Berulang kali aku membaca bagaimana tata cara polygami dalam agama kita. Aku yakin kau jauh lebih faham tentang hal ini. Kau dan istrimu adalah hamba-hamba Allah yang shaleh. Kalian sangat mengerti syariat agama, polygami tak pernah terlarang dalam agama kita. Jika istrimu mengijinkan, aku mohon nikahilah aku untuk menjadi istrimu. Aku yakin laki-laki shaleh sepertimu dapat menjalankan peran itu.
Jikapun tidak, maafkanlah jika aku masih tetap menyimpan cinta yang membara ini untukmu. Aku hanya menunggu sampai Sang Penitip cinta membalikkan hatiku agar berpaling darimu.
Semoga Allah memberikan kesempatan ini untukku…aminnn
Wassalamua’laikum wr. Wb
Ardina
Leherku terasa tercekat setelah membaca email dari Dina. Tiba-tiba kurasakan panas di kedua pelupuk mataku, air mataku pun jatuh perlahan seiring rasa takut kehilangan suami yang sangat kucintai.
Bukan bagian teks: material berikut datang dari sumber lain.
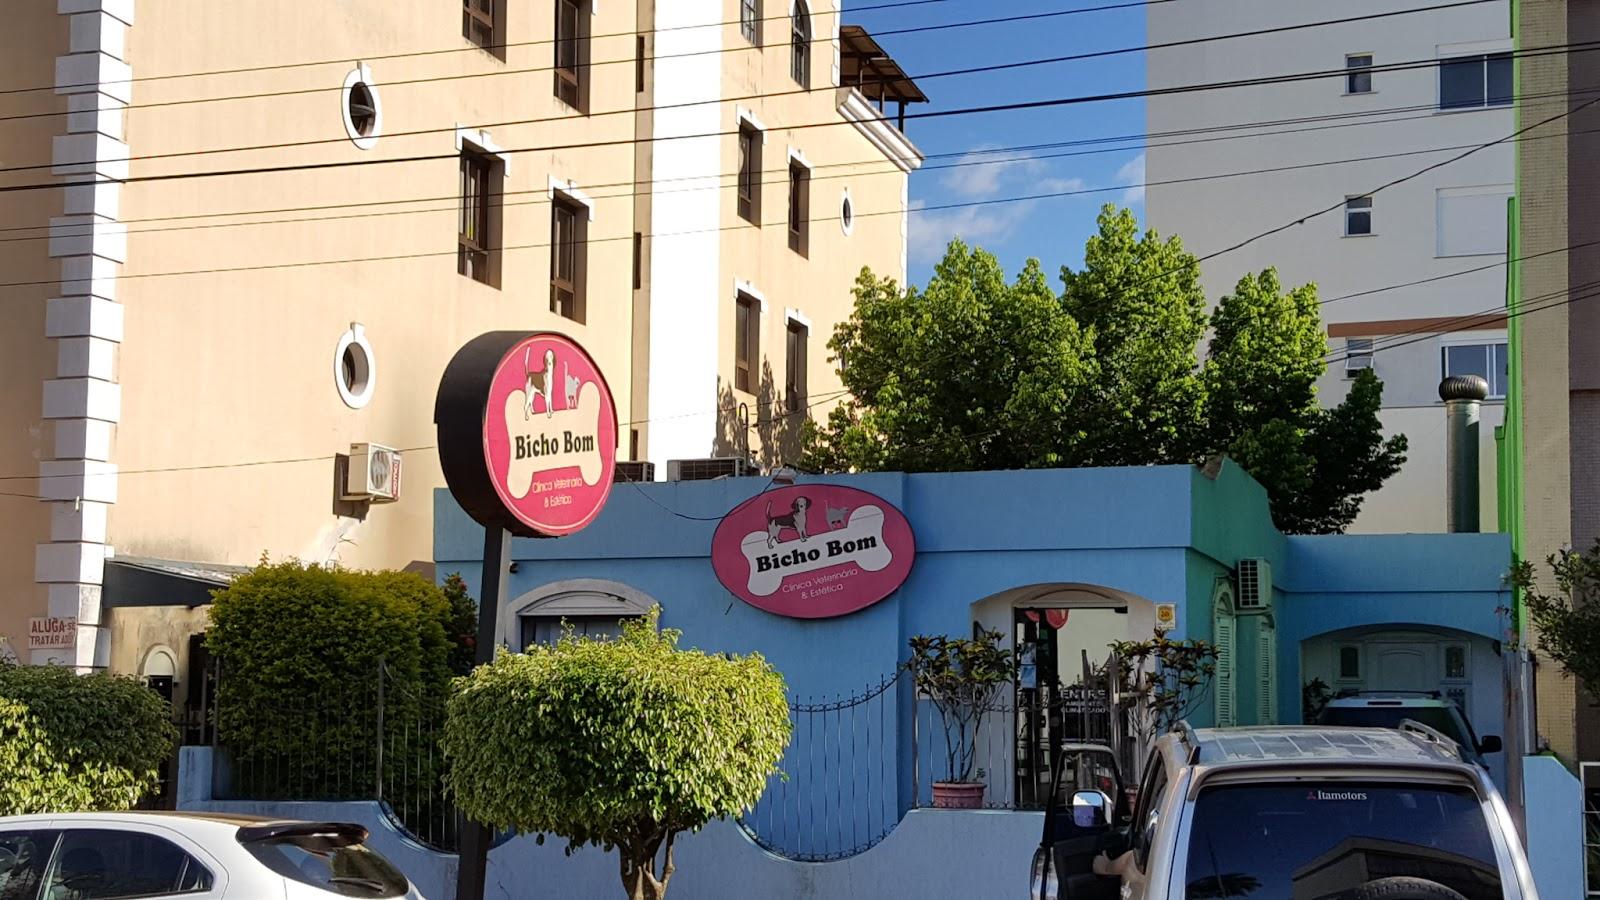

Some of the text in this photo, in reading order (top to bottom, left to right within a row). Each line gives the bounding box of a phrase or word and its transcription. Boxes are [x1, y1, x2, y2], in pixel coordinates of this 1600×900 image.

[515, 430, 594, 460] Bicho Bom
[756, 534, 878, 573] Bicho Bom
[801, 591, 809, 600] &
[31, 635, 60, 645] TRATAR
[1060, 689, 1106, 699] ENTRE
[1317, 789, 1367, 801] Itamotors
Aku yakin tak ada laki-laki yang mau menolak cinta seorang Dina. Ya Allah, apa yang harus aku lakukan. Ku bertanya dalam hati dalam keadaan miris dan sepi.
“ayah,…bunda sudah baca email dari teh Dina” ku kirim pesan singkat itu ke Arie. Tak ada apapun yang mampu kutuangkan lewat sebuah pesan. Aku berharap saat ini Arie di depanku memelukku erat sekali, menghapus air mataku hingga membuatku tenang.
“ya sayang,..nanti kita bicarakan di rumah ya, ayah masih ada kerjaan yang harus diselesaikan hari ini. Tenang ya sayang,..ayah akan selalu bersama kalian selamanya”
Kurasakan sendu merayapiku, menggetarkan tubuhku yang limbung dalam kelaraannya.
Entah berapa tahun yang lalu bayangan wanita itu sempat membuatku mundur teratur untuk mencintai Arie. Namun kini dia datang lagi mungkin tak berniat menganggu keharmonisan rumah tangga kami, namun pengharapannya yang besar, keterusterangannya semakin membuatku sesak. Seperti lupa aku akan rasanya cemburu, kini Dina mengajarkannya lagi padaku.
Kukumpulkan semua kekuatanku. Entah darimana datangnya rasa ingin mempertahankan apa yang aku miliki. Entahlah mungkin aku akan terlihat egois, namun hatiku benar-benar tak ingin berdusta karena perihnya mulai terasa. Tak mudah bagiku berjalan bertiga dalam satu perahu walaupun tujuan akhirnya adalah mengharapkan ridha Yang Maha Kuasa. Apapula indahnya jika malam dihiasi dua rembulan.
------
Masih berlinang airmataku, ku peluk Arie yang sedari tadi tersenyum melihatku menangis. Entah apa yang terselip di benaknya, Arie begitu tenang bahkan aku tak mampu menebak di balik ketenangan dan senyuman lembutnya.
“sekarang ayah ingin bunda yang menyelesaikan ini,…” arie menggenggam tanganku erat.
“ketika wanita yang berbicara dari hati ke hati, maka semua akan terlihat jelas karena sesuatu yang belum difahami laki-laki tentang perasaan seorang wanita akan terselesaikan dengan sendirinya jika dibicarakan oleh sesama wanita, bundalah yang harus berbicara dengan Dina”. Arie kembali tersenyum sebelum melanjutkan kata-katanya.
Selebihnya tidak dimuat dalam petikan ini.